Let's review this:  1) he was "fixing" what wasn't broken  2) he got himself into a predictable mess  3) he decided that somehow, rather than taking the responsibility for his mistake (and buying the store a new rooter snake), that I somehow deserved to have my woods destroyed to cover his butt.  4) finally, in his Democrat liberal way of thinking, I was somehow the "bad guy  in this story!

Now, doesn't this all sound just like the liberal mind?  I have to agree with Michael Savage:  "Liberalism is a mental disorder." 

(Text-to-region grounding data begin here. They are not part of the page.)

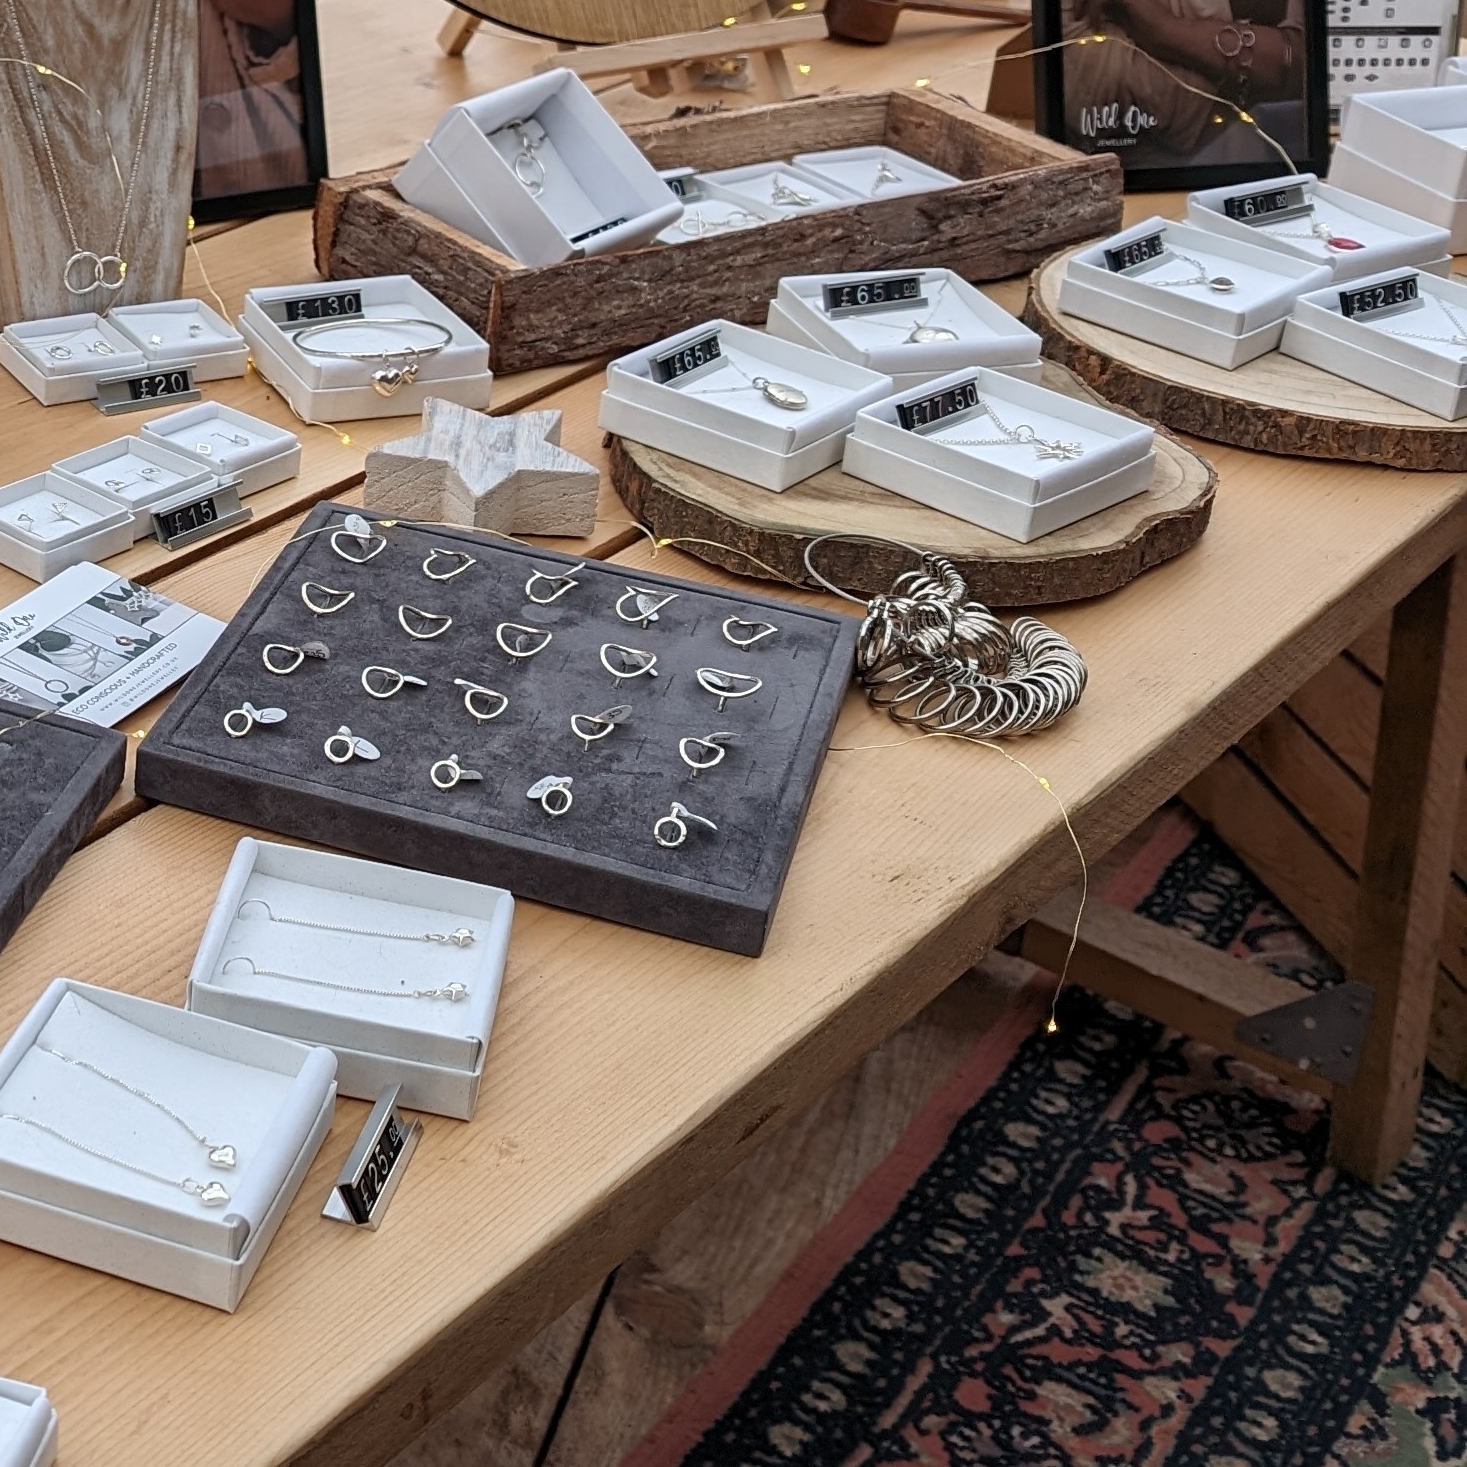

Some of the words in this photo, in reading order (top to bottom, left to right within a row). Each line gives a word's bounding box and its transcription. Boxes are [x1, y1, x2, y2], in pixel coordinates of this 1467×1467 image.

[1080, 101, 1120, 138] Wild
[1124, 104, 1159, 134] One
[295, 293, 358, 321] £130
[839, 281, 919, 308] £65.00
[1352, 280, 1415, 315] £52.50
[140, 372, 185, 400] £20
[911, 383, 978, 428] £77.50
[174, 500, 213, 534] £15
[71, 704, 89, 715] ECO
[86, 678, 127, 706] CONSCIOUS
[128, 642, 178, 677] HANDCRAFTED
[359, 1120, 400, 1212] £25.00
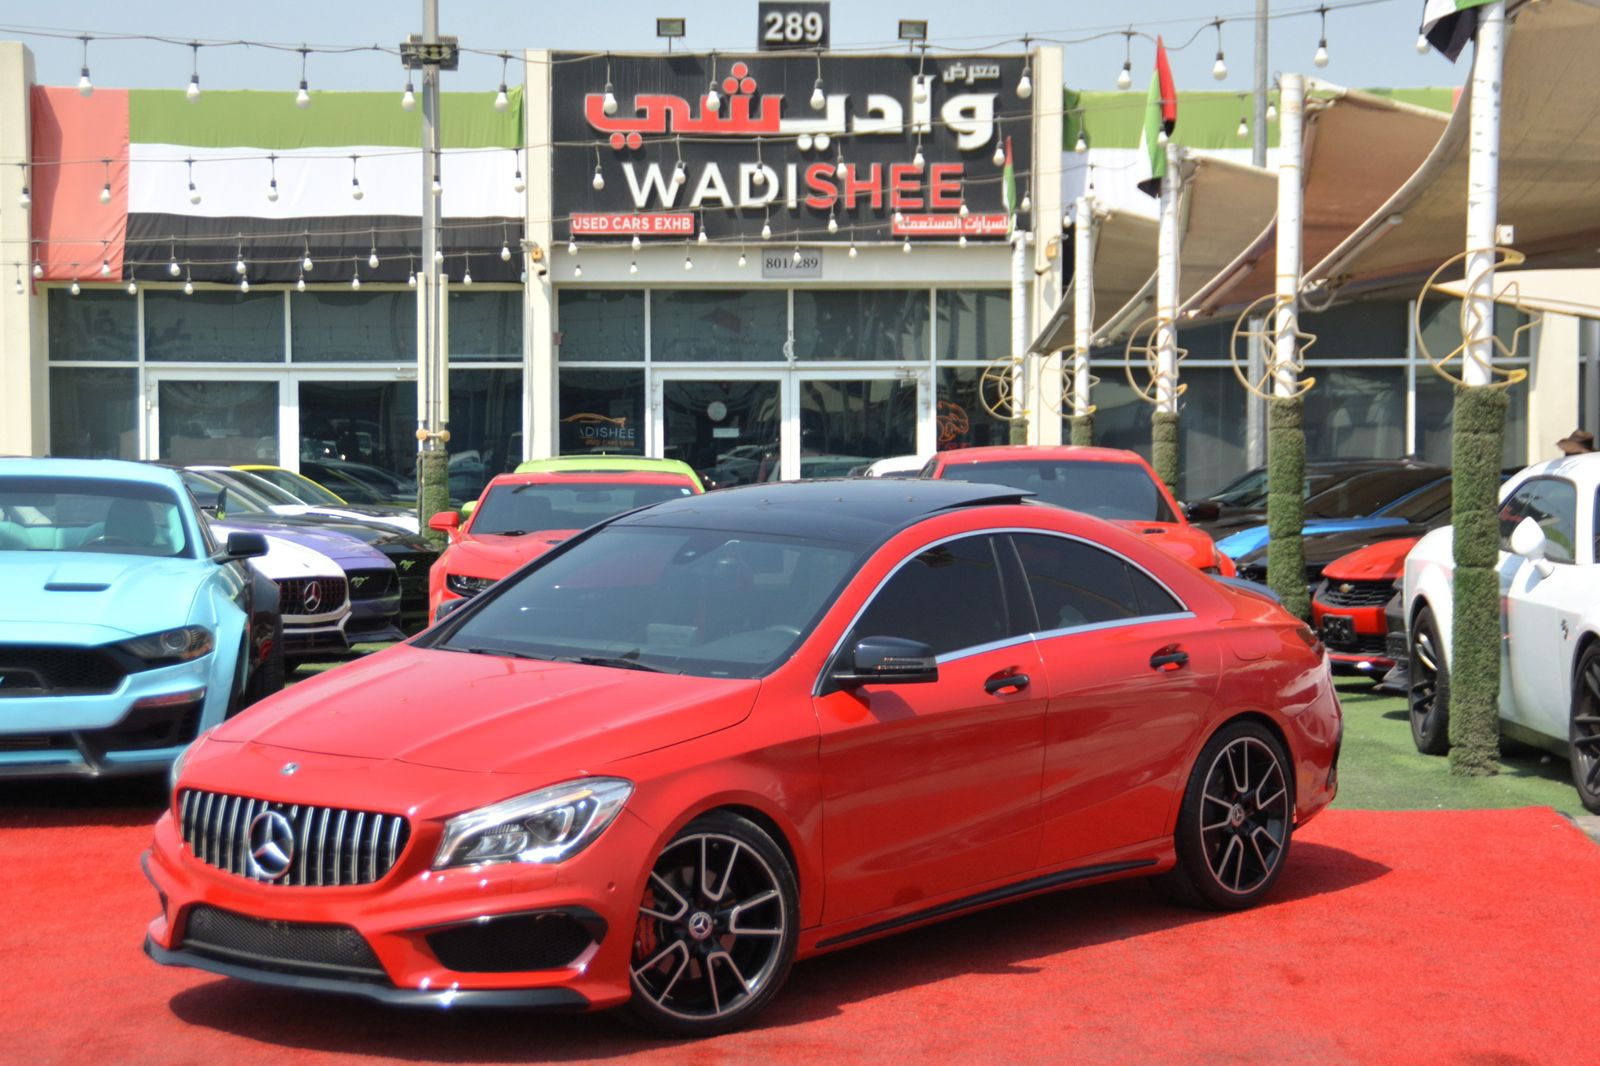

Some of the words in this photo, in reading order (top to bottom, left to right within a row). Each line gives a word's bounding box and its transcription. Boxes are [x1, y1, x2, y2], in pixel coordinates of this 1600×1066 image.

[764, 11, 823, 42] 289
[943, 62, 1000, 85] معرض
[622, 162, 965, 210] WADISHEE
[573, 217, 609, 230] USED
[612, 217, 650, 230] CARS
[654, 217, 691, 230] EXHB
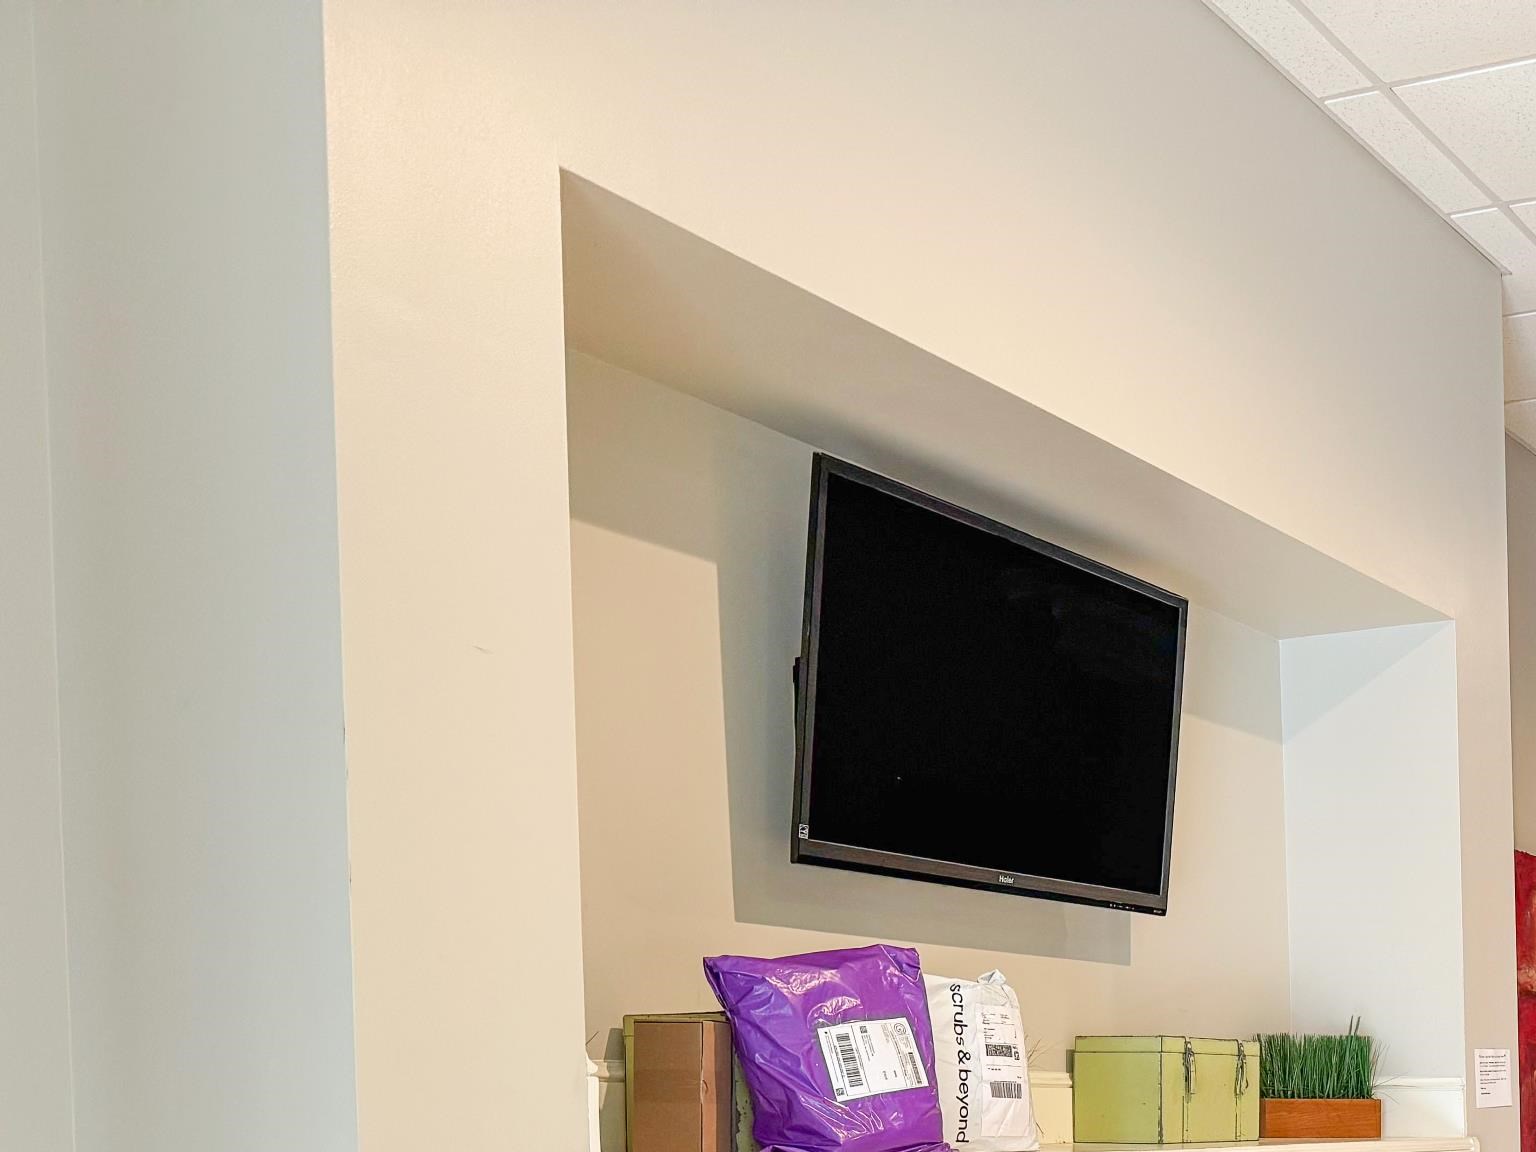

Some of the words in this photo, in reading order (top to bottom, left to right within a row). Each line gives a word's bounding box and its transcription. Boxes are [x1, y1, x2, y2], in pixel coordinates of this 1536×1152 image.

[949, 983, 968, 1047] scrubs
[957, 1050, 971, 1065] &
[955, 1069, 972, 1143] beyond
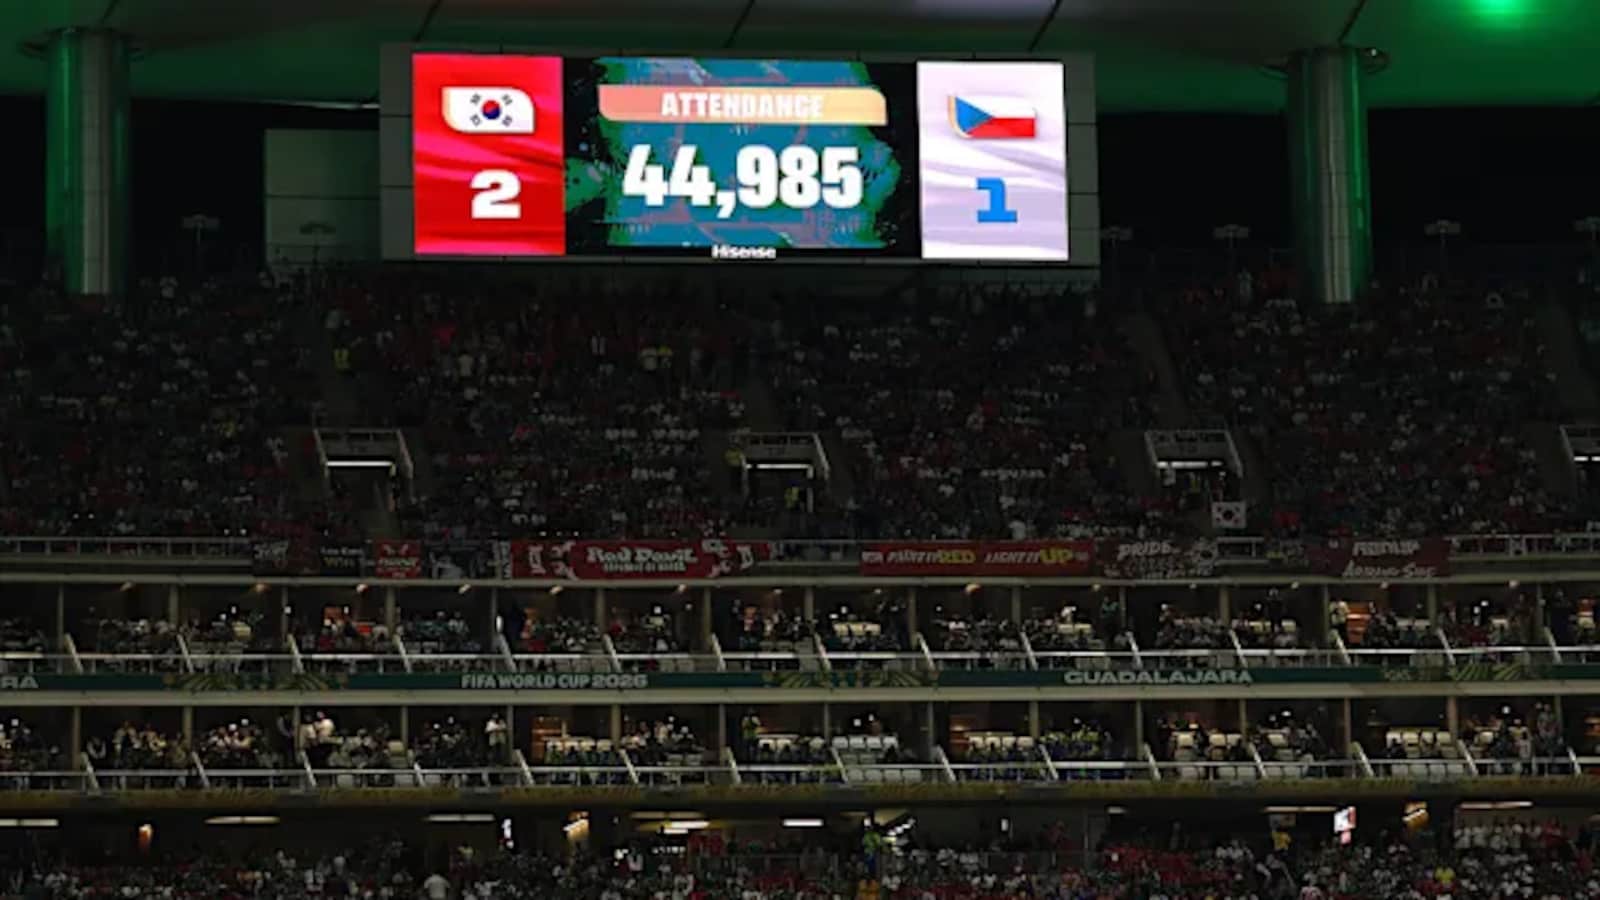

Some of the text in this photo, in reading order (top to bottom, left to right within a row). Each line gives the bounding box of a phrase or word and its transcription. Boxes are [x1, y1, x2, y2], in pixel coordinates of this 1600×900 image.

[661, 92, 824, 118] ATTENDANCE
[622, 144, 864, 218] 44,985
[470, 169, 522, 219] 2
[976, 177, 1018, 223] 1
[711, 244, 777, 259] Hisense
[1040, 548, 1074, 566] UP
[461, 674, 649, 688] FIFA WORLD CUP 2026
[1063, 669, 1253, 685] GUADALAJARA

If you could please confirm that the Obama quote is correct, I would appreciate it.  Snopes denies that it is real.  Personally, I tend to believe that Obama would say something just this stupid.  If you can point me in the right direction, and perhaps hook me up with the source, I would greatly appreciate it.

John Rex
JREX -- TheRexReport
Panama City Beach, Florida


MAILBOX EDITOR WRITES: For the origin of that quote, see factcheck.org. As Mark has explained, the quote originated with our regular correspondent John Gross.

CANADIAN-STYLE HEALTHCARE
Will sitting for hours in a doctor's waiting room be classified as "torture?"

Peggy Lindow
Houston, Texas

THE GIG IS UP
How long before the trial lawyers catch on that their malpractice gig  is up?

William Pittman

WATCHING THE TIMES EXPIRE
Why wouldn't Murdoch just sit back?

With the WSJ and the Post in his pocket, he'd have anti-trust problems buying the times.  Besides, wouldn't it be easier for him simply to destroy a highly leveraged absentee-owned times through competition than to make it work?

Mark Feldman


LAST WORD
Your comments as to who pays for everything is a sermon I have preached for years. Economics 101 tells us that the term for this "the point of incidence" It is the place in the market where all bills are paid. Corporations do not pay taxes, we do when we purchase their products. Any increase in taxes or minimum wage ultimately redounds back to the consumer. Thanks for doing all you do and for doing such a great job standing in for Rush.